TASK INPUTS section start

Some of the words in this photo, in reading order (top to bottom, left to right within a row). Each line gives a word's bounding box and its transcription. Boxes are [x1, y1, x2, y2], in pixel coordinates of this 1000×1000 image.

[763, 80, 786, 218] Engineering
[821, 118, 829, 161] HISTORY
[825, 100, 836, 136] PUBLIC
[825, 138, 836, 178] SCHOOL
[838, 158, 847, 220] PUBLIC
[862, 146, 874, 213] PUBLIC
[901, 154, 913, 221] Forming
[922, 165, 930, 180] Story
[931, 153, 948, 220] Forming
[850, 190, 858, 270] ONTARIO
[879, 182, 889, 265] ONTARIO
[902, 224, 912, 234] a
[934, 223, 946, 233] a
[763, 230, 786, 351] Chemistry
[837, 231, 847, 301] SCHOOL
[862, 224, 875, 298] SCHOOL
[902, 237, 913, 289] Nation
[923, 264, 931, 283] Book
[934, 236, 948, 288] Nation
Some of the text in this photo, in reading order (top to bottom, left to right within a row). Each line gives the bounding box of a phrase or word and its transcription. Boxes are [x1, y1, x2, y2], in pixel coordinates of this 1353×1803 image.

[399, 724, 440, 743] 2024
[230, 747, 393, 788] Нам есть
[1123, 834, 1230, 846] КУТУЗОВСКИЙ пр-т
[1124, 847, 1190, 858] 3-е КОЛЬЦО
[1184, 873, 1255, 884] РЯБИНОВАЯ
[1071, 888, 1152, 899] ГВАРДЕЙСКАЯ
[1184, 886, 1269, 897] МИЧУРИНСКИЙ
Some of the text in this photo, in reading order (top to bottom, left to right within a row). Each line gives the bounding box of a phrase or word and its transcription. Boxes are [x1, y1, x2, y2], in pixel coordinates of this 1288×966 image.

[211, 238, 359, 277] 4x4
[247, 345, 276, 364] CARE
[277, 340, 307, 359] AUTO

TASK INPUTS section end

* ABOUT THIS EXERCISE
Reproduce the material in full, keeping every line exactly as given.

* ANSWER SECTION
Some of the words in this photo, in reading order (top to bottom, left to right within a row). Each line gives a word's bounding box and its transcription. Boxes are [x1, y1, x2, y2], in pixel coordinates of this 1000×1000 image.

[763, 80, 786, 218] Engineering
[821, 118, 829, 161] HISTORY
[825, 100, 836, 136] PUBLIC
[825, 138, 836, 178] SCHOOL
[838, 158, 847, 220] PUBLIC
[862, 146, 874, 213] PUBLIC
[901, 154, 913, 221] Forming
[922, 165, 930, 180] Story
[931, 153, 948, 220] Forming
[850, 190, 858, 270] ONTARIO
[879, 182, 889, 265] ONTARIO
[902, 224, 912, 234] a
[934, 223, 946, 233] a
[763, 230, 786, 351] Chemistry
[837, 231, 847, 301] SCHOOL
[862, 224, 875, 298] SCHOOL
[902, 237, 913, 289] Nation
[923, 264, 931, 283] Book
[934, 236, 948, 288] Nation
Some of the text in this photo, in reading order (top to bottom, left to right within a row). Each line gives the bounding box of a phrase or word and its transcription. Boxes are [x1, y1, x2, y2], in pixel coordinates of this 1353×1803 image.

[399, 724, 440, 743] 2024
[230, 747, 393, 788] Нам есть
[1123, 834, 1230, 846] КУТУЗОВСКИЙ пр-т
[1124, 847, 1190, 858] 3-е КОЛЬЦО
[1184, 873, 1255, 884] РЯБИНОВАЯ
[1071, 888, 1152, 899] ГВАРДЕЙСКАЯ
[1184, 886, 1269, 897] МИЧУРИНСКИЙ
Some of the text in this photo, in reading order (top to bottom, left to right within a row). Each line gives the bounding box of a phrase or word and its transcription. Boxes are [x1, y1, x2, y2], in pixel coordinates of this 1288×966 image.

[211, 238, 359, 277] 4x4
[247, 345, 276, 364] CARE
[277, 340, 307, 359] AUTO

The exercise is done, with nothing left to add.